Shibboleth Integration and Deployment
The Shibboleth IdP is incredibly flexible and extensible, while the SP interacts with applications without a traditional API, instead relying on environment variables and specially crafted URL’s. This approach can be unintuitive, but it is also the least invasive and most powerful method for integration of identity with applications. It avoids lock-in to the greatest extent possible.
Complex use cases can almost always be accomplished, but without experience with the software, it’s hard to know where to begin. Shibboleth blurs the line between code and configuration so far that many use cases can be accomplished in several ways. The functionality, security, and reliability of your deployment will depend on many configuration choices and identifying the optimal approach during design and implementation will result in identity services that your staff can understand, maintain, and operate with unparalleled availability.

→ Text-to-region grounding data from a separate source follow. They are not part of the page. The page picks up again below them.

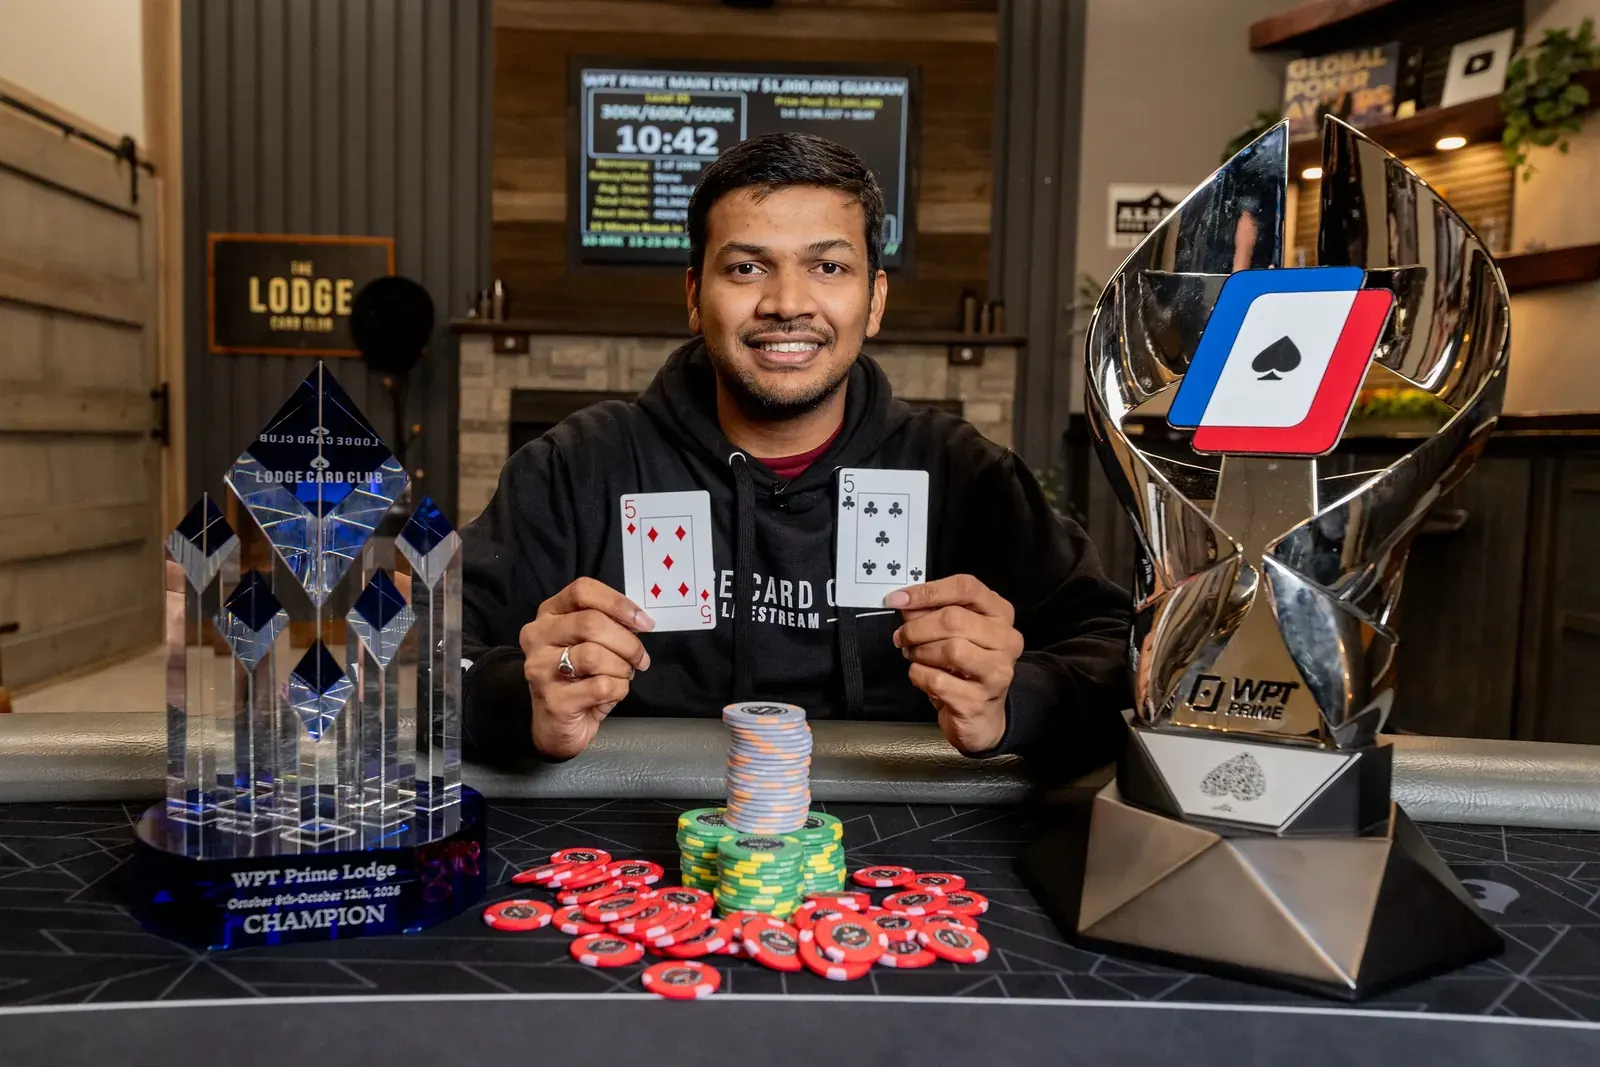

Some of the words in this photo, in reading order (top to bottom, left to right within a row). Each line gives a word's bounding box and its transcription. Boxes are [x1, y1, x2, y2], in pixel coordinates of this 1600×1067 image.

[1287, 47, 1387, 80] GLOBAL
[583, 73, 617, 88] WPT
[619, 74, 666, 89] PRIME
[668, 76, 711, 90] MAIN
[712, 77, 759, 92] EVENT
[1285, 70, 1370, 102] POKER
[616, 124, 719, 155] 10:42
[291, 260, 313, 276] THE
[249, 276, 354, 315] LODGE
[270, 316, 301, 331] CARD
[303, 317, 334, 333] CLUB
[255, 470, 303, 484] LODGE
[306, 470, 343, 484] CARD
[347, 471, 383, 484] CLUB
[843, 474, 855, 493] 5
[624, 499, 637, 519] 5
[700, 604, 712, 624] 5
[1230, 676, 1299, 705] WPT
[1226, 702, 1285, 720] PRIME
[231, 870, 280, 888] WPT
[284, 866, 338, 884] Prime
[342, 861, 397, 881] Lodge
[227, 896, 274, 910] October
[243, 904, 387, 934] CHAMPION
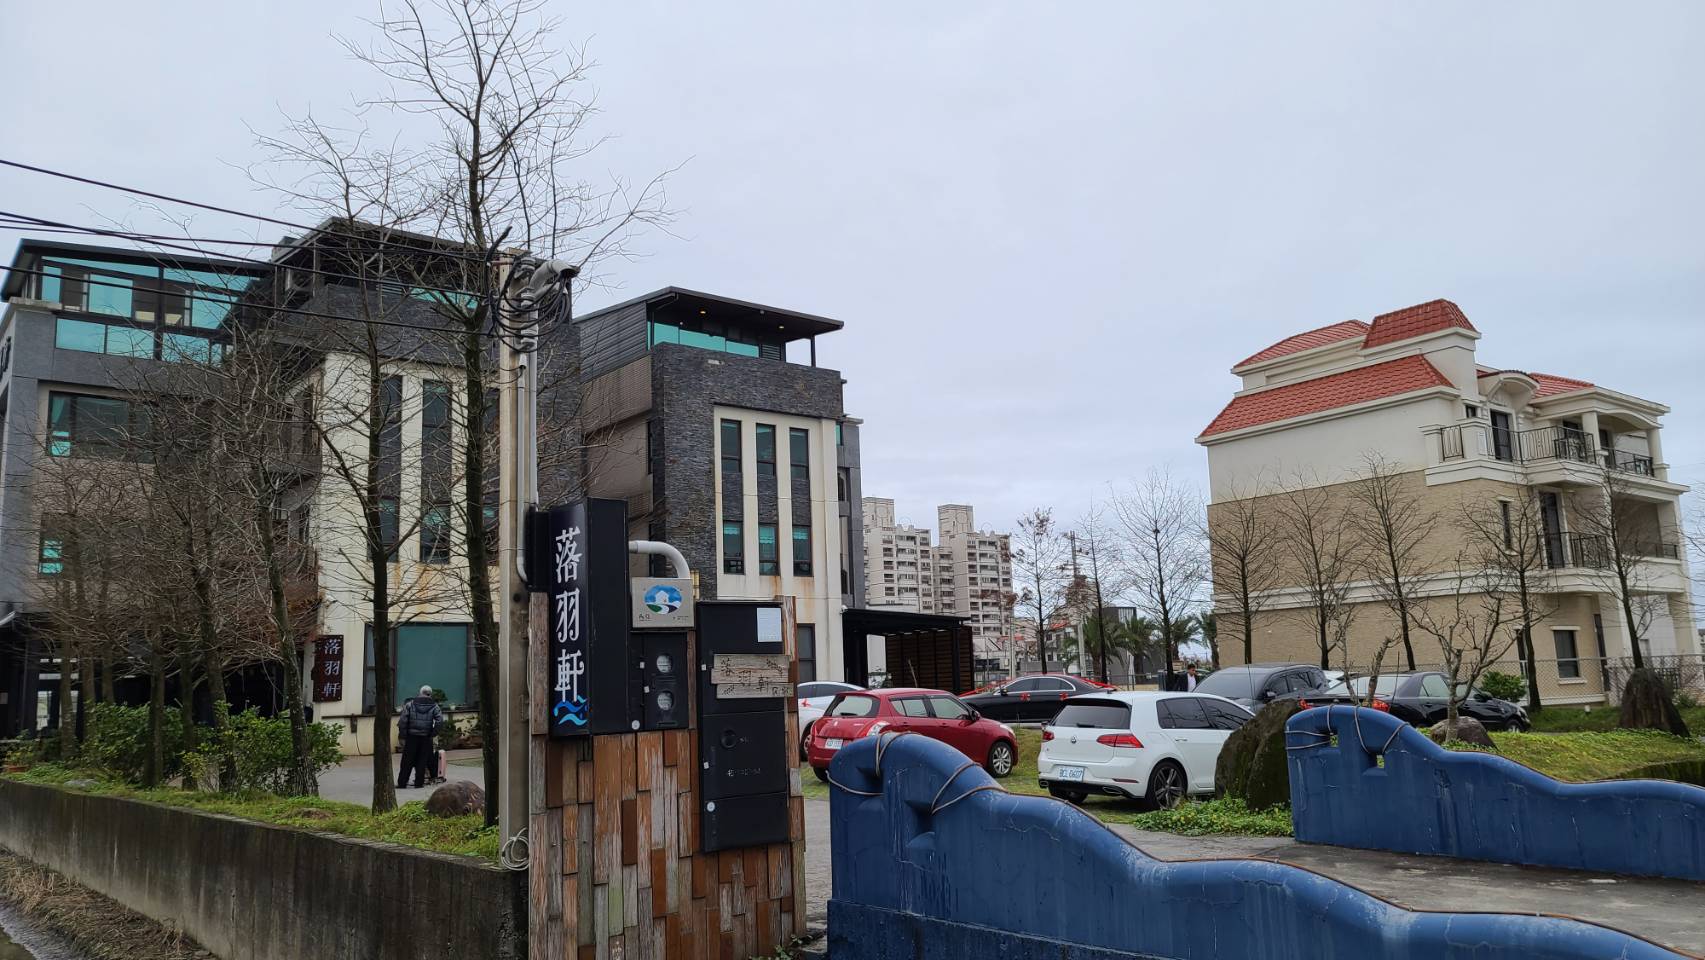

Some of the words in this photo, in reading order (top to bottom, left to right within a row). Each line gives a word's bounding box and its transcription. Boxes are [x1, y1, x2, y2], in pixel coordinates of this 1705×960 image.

SAML 2.0’s wide adoption has led to many interpretations of the protocol, and while a software suite may advertise SAML support, it will almost certainly carry its own flavor. Integration of different SAML providers is not always obvious, particularly as commercial implementations seek to differentiate themselves in the marketplace with unique takes on the specification.
Signet has a complete understanding of the products and the protocols and decades of debugging and wiring together the diverse world of production SAML support. Leverage our experience to create a system that meets the needs of your users and administrators with the least maintenance burden and greatest uptime.
Signet also offers Shibboleth support services on a subscription basis, and we recognize that each organization has a different degree of staffing and capacity. We will work with you to determine the scale and scope of responsibility that is optimal for your organization’s needs and agree upon a customized service-level agreement.
These agreements can range from a typical backstop for operational issues and special integration challenges to maintenance and operation of a broader environment. For an opportunity to discuss your support needs with our team, please contact us to help us understand your environment so we can collectively determine an optimal agreement.
Login is perhaps the most mission-critical system in many large enterprises today, and if it’s down, everything that relies on it is down. We also offer assistance in rapid diagnosis and repair of identity integration issues to get your organization back on track. Every Signet team member has faced being the difference between an outage and a working system.
onboarder.tar.gz: This software expedites the onboarding of SP’s for organizations that principally act as IdP’s. Built from two PHP scripts, the first allows the user to enter their hostname, and the second generates a shibboleth2.xml configuration file that replaces the default entityID using the hostname, loads your IdP’s metadata, points to your IdP as the default login mechanism, and if being used in conjunction with IIS, replaces sp.example.org with the hostname.